##### ENTRIES PROVIDED #####

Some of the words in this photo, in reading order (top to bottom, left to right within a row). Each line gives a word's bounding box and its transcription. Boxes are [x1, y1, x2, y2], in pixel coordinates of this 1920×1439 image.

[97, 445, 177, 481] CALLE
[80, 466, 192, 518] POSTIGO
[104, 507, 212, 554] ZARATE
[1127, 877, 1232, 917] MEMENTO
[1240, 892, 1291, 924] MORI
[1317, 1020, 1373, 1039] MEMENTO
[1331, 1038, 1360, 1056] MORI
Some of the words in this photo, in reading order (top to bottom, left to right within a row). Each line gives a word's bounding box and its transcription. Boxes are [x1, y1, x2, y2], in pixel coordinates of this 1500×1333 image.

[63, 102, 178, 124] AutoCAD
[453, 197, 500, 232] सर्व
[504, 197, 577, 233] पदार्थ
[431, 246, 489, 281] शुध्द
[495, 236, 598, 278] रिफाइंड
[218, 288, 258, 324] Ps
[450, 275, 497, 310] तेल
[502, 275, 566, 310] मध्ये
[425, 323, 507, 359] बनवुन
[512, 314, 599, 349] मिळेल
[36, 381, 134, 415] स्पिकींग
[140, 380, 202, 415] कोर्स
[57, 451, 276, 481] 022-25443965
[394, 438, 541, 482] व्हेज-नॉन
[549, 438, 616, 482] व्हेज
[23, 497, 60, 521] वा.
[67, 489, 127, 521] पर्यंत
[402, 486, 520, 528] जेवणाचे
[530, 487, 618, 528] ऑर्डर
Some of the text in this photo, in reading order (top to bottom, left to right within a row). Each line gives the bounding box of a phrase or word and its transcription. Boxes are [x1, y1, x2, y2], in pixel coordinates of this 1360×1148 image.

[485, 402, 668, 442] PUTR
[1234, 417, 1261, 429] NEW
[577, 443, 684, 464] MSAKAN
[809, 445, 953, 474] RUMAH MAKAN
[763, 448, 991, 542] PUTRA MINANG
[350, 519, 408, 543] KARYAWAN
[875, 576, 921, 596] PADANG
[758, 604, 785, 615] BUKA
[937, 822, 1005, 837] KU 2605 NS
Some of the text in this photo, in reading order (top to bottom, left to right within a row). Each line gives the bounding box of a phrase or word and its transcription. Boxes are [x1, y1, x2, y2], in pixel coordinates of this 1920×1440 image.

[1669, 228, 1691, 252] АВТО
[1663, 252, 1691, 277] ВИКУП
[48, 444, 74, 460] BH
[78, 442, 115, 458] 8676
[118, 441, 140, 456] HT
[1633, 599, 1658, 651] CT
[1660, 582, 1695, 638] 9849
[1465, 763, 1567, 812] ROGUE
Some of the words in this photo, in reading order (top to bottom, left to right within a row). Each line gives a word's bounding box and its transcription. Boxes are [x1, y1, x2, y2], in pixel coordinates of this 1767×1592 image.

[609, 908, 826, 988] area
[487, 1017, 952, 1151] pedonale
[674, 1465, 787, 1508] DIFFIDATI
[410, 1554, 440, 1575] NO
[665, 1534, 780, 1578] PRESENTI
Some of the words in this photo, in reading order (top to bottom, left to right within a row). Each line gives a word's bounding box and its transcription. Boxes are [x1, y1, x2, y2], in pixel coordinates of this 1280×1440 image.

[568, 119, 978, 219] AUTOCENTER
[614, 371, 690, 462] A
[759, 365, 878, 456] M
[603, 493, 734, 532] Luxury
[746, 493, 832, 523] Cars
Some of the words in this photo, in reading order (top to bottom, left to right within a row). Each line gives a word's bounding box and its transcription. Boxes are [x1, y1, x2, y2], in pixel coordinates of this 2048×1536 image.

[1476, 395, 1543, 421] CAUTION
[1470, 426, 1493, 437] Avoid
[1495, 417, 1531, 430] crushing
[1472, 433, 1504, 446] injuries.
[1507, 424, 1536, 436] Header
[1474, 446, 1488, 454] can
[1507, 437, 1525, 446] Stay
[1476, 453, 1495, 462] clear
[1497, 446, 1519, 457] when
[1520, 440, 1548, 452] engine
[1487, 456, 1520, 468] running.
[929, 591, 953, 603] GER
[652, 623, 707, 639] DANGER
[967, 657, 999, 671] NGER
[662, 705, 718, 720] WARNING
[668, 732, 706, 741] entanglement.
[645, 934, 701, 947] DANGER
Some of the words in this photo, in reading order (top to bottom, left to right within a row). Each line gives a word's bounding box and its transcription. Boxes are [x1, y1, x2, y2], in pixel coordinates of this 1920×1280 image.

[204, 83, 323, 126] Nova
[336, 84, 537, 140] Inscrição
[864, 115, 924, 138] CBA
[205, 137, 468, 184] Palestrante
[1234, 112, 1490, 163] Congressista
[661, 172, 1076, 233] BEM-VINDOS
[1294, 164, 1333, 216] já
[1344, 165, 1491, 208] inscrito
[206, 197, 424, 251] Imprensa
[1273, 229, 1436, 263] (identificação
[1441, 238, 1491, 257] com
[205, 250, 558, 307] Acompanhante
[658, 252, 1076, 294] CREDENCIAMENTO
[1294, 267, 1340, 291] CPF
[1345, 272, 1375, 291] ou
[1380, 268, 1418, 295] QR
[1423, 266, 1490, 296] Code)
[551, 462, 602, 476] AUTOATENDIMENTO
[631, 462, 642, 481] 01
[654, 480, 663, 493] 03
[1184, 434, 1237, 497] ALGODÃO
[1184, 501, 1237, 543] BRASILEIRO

#####

Reproduce the records above in full and with exact wording.

Some of the words in this photo, in reading order (top to bottom, left to right within a row). Each line gives a word's bounding box and its transcription. Boxes are [x1, y1, x2, y2], in pixel coordinates of this 1920×1439 image.

[97, 445, 177, 481] CALLE
[80, 466, 192, 518] POSTIGO
[104, 507, 212, 554] ZARATE
[1127, 877, 1232, 917] MEMENTO
[1240, 892, 1291, 924] MORI
[1317, 1020, 1373, 1039] MEMENTO
[1331, 1038, 1360, 1056] MORI
Some of the words in this photo, in reading order (top to bottom, left to right within a row). Each line gives a word's bounding box and its transcription. Boxes are [x1, y1, x2, y2], in pixel coordinates of this 1500×1333 image.

[63, 102, 178, 124] AutoCAD
[453, 197, 500, 232] सर्व
[504, 197, 577, 233] पदार्थ
[431, 246, 489, 281] शुध्द
[495, 236, 598, 278] रिफाइंड
[218, 288, 258, 324] Ps
[450, 275, 497, 310] तेल
[502, 275, 566, 310] मध्ये
[425, 323, 507, 359] बनवुन
[512, 314, 599, 349] मिळेल
[36, 381, 134, 415] स्पिकींग
[140, 380, 202, 415] कोर्स
[57, 451, 276, 481] 022-25443965
[394, 438, 541, 482] व्हेज-नॉन
[549, 438, 616, 482] व्हेज
[23, 497, 60, 521] वा.
[67, 489, 127, 521] पर्यंत
[402, 486, 520, 528] जेवणाचे
[530, 487, 618, 528] ऑर्डर
Some of the text in this photo, in reading order (top to bottom, left to right within a row). Each line gives the bounding box of a phrase or word and its transcription. Boxes are [x1, y1, x2, y2], in pixel coordinates of this 1360×1148 image.

[485, 402, 668, 442] PUTR
[1234, 417, 1261, 429] NEW
[577, 443, 684, 464] MSAKAN
[809, 445, 953, 474] RUMAH MAKAN
[763, 448, 991, 542] PUTRA MINANG
[350, 519, 408, 543] KARYAWAN
[875, 576, 921, 596] PADANG
[758, 604, 785, 615] BUKA
[937, 822, 1005, 837] KU 2605 NS
Some of the text in this photo, in reading order (top to bottom, left to right within a row). Each line gives the bounding box of a phrase or word and its transcription. Boxes are [x1, y1, x2, y2], in pixel coordinates of this 1920×1440 image.

[1669, 228, 1691, 252] АВТО
[1663, 252, 1691, 277] ВИКУП
[48, 444, 74, 460] BH
[78, 442, 115, 458] 8676
[118, 441, 140, 456] HT
[1633, 599, 1658, 651] CT
[1660, 582, 1695, 638] 9849
[1465, 763, 1567, 812] ROGUE
Some of the words in this photo, in reading order (top to bottom, left to right within a row). Each line gives a word's bounding box and its transcription. Boxes are [x1, y1, x2, y2], in pixel coordinates of this 1767×1592 image.

[609, 908, 826, 988] area
[487, 1017, 952, 1151] pedonale
[674, 1465, 787, 1508] DIFFIDATI
[410, 1554, 440, 1575] NO
[665, 1534, 780, 1578] PRESENTI
Some of the words in this photo, in reading order (top to bottom, left to right within a row). Each line gives a word's bounding box and its transcription. Boxes are [x1, y1, x2, y2], in pixel coordinates of this 1280×1440 image.

[568, 119, 978, 219] AUTOCENTER
[614, 371, 690, 462] A
[759, 365, 878, 456] M
[603, 493, 734, 532] Luxury
[746, 493, 832, 523] Cars
Some of the words in this photo, in reading order (top to bottom, left to right within a row). Each line gives a word's bounding box and its transcription. Boxes are [x1, y1, x2, y2], in pixel coordinates of this 2048×1536 image.

[1476, 395, 1543, 421] CAUTION
[1470, 426, 1493, 437] Avoid
[1495, 417, 1531, 430] crushing
[1472, 433, 1504, 446] injuries.
[1507, 424, 1536, 436] Header
[1474, 446, 1488, 454] can
[1507, 437, 1525, 446] Stay
[1476, 453, 1495, 462] clear
[1497, 446, 1519, 457] when
[1520, 440, 1548, 452] engine
[1487, 456, 1520, 468] running.
[929, 591, 953, 603] GER
[652, 623, 707, 639] DANGER
[967, 657, 999, 671] NGER
[662, 705, 718, 720] WARNING
[668, 732, 706, 741] entanglement.
[645, 934, 701, 947] DANGER
Some of the words in this photo, in reading order (top to bottom, left to right within a row). Each line gives a word's bounding box and its transcription. Boxes are [x1, y1, x2, y2], in pixel coordinates of this 1920×1280 image.

[204, 83, 323, 126] Nova
[336, 84, 537, 140] Inscrição
[864, 115, 924, 138] CBA
[205, 137, 468, 184] Palestrante
[1234, 112, 1490, 163] Congressista
[661, 172, 1076, 233] BEM-VINDOS
[1294, 164, 1333, 216] já
[1344, 165, 1491, 208] inscrito
[206, 197, 424, 251] Imprensa
[1273, 229, 1436, 263] (identificação
[1441, 238, 1491, 257] com
[205, 250, 558, 307] Acompanhante
[658, 252, 1076, 294] CREDENCIAMENTO
[1294, 267, 1340, 291] CPF
[1345, 272, 1375, 291] ou
[1380, 268, 1418, 295] QR
[1423, 266, 1490, 296] Code)
[551, 462, 602, 476] AUTOATENDIMENTO
[631, 462, 642, 481] 01
[654, 480, 663, 493] 03
[1184, 434, 1237, 497] ALGODÃO
[1184, 501, 1237, 543] BRASILEIRO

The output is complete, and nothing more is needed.